TASK ITEM →
Repeat the data below in full. Pictures must not be part of the copy.

THE DATA START

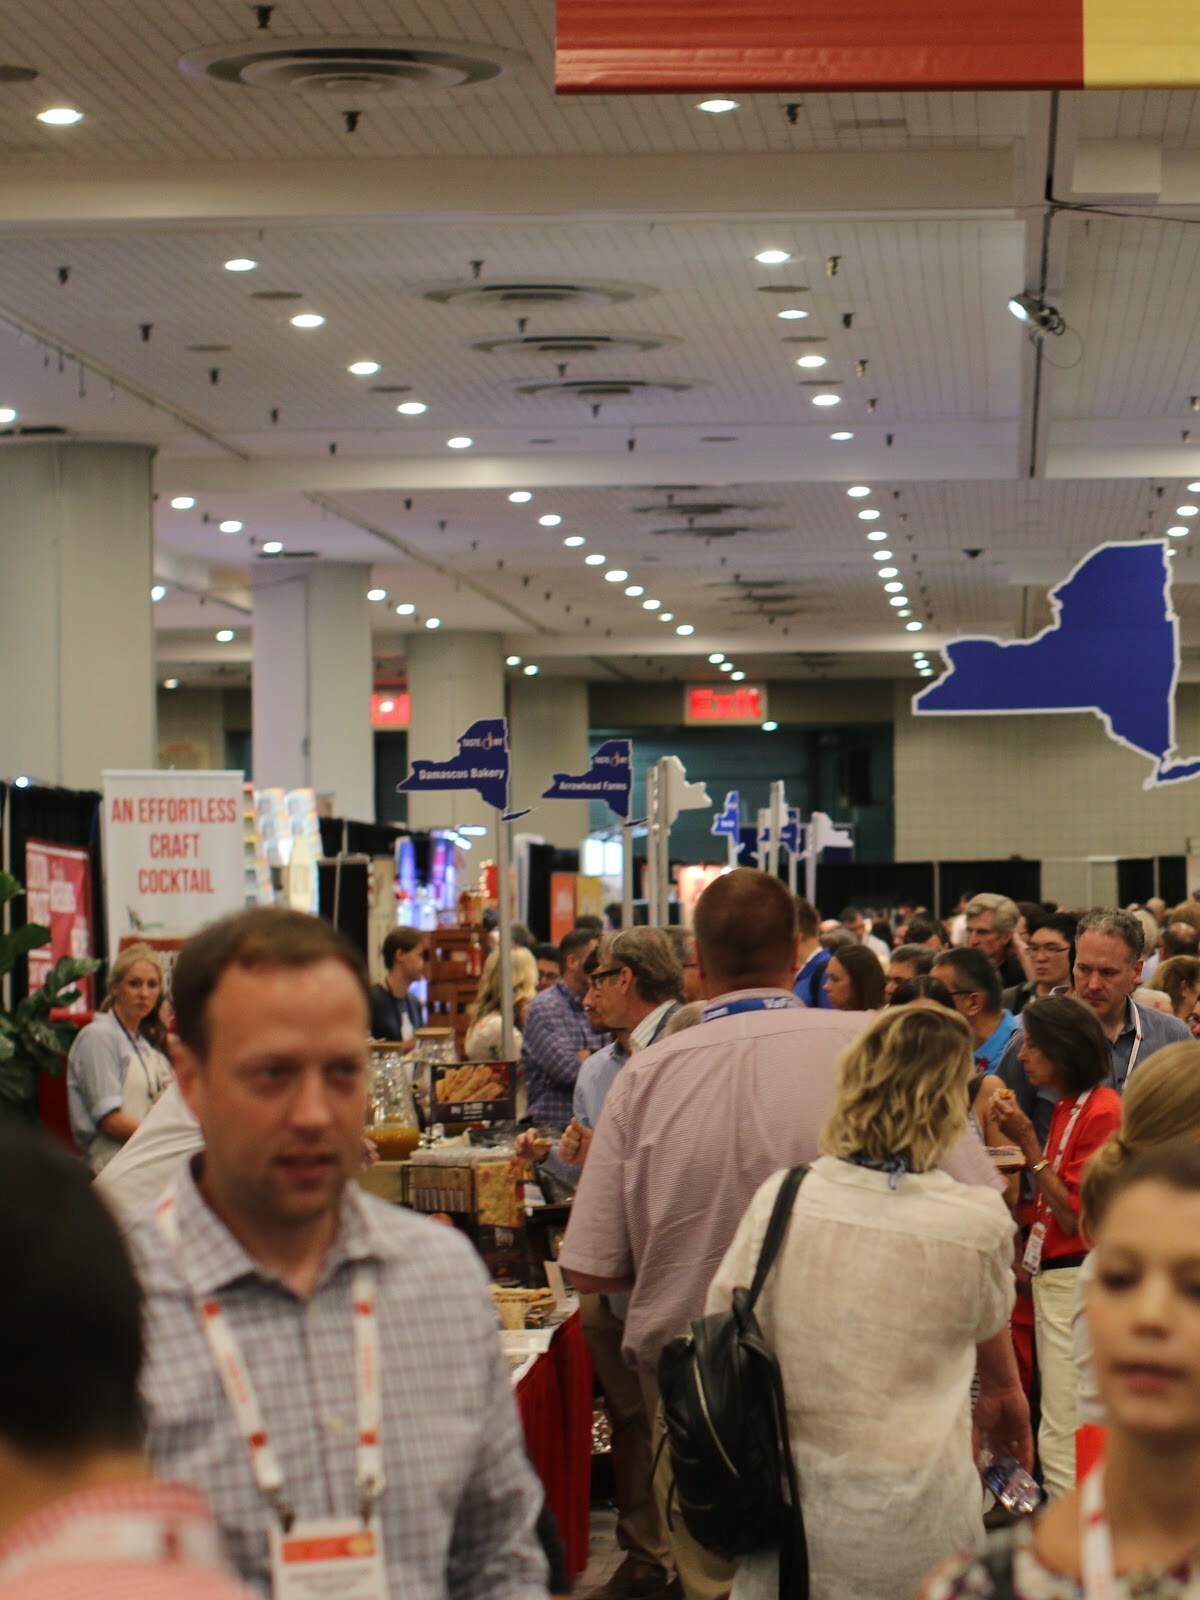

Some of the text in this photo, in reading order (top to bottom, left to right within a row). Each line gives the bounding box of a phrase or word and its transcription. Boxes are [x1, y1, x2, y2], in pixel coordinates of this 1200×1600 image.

[690, 688, 762, 719] Exit
[419, 768, 505, 780] Damascus Bakery
[559, 781, 628, 791] Arrowhead Farms
[112, 798, 237, 823] AN EFFORTLESS
[150, 833, 200, 858] CRAFT
[138, 869, 214, 894] COCKTAIL

THE DATA END

ANSWER SPACE →
Some of the text in this photo, in reading order (top to bottom, left to right within a row). Each line gives the bounding box of a phrase or word and its transcription. Boxes are [x1, y1, x2, y2], in pixel coordinates of this 1200×1600 image.

[690, 688, 762, 719] Exit
[419, 768, 505, 780] Damascus Bakery
[559, 781, 628, 791] Arrowhead Farms
[112, 798, 237, 823] AN EFFORTLESS
[150, 833, 200, 858] CRAFT
[138, 869, 214, 894] COCKTAIL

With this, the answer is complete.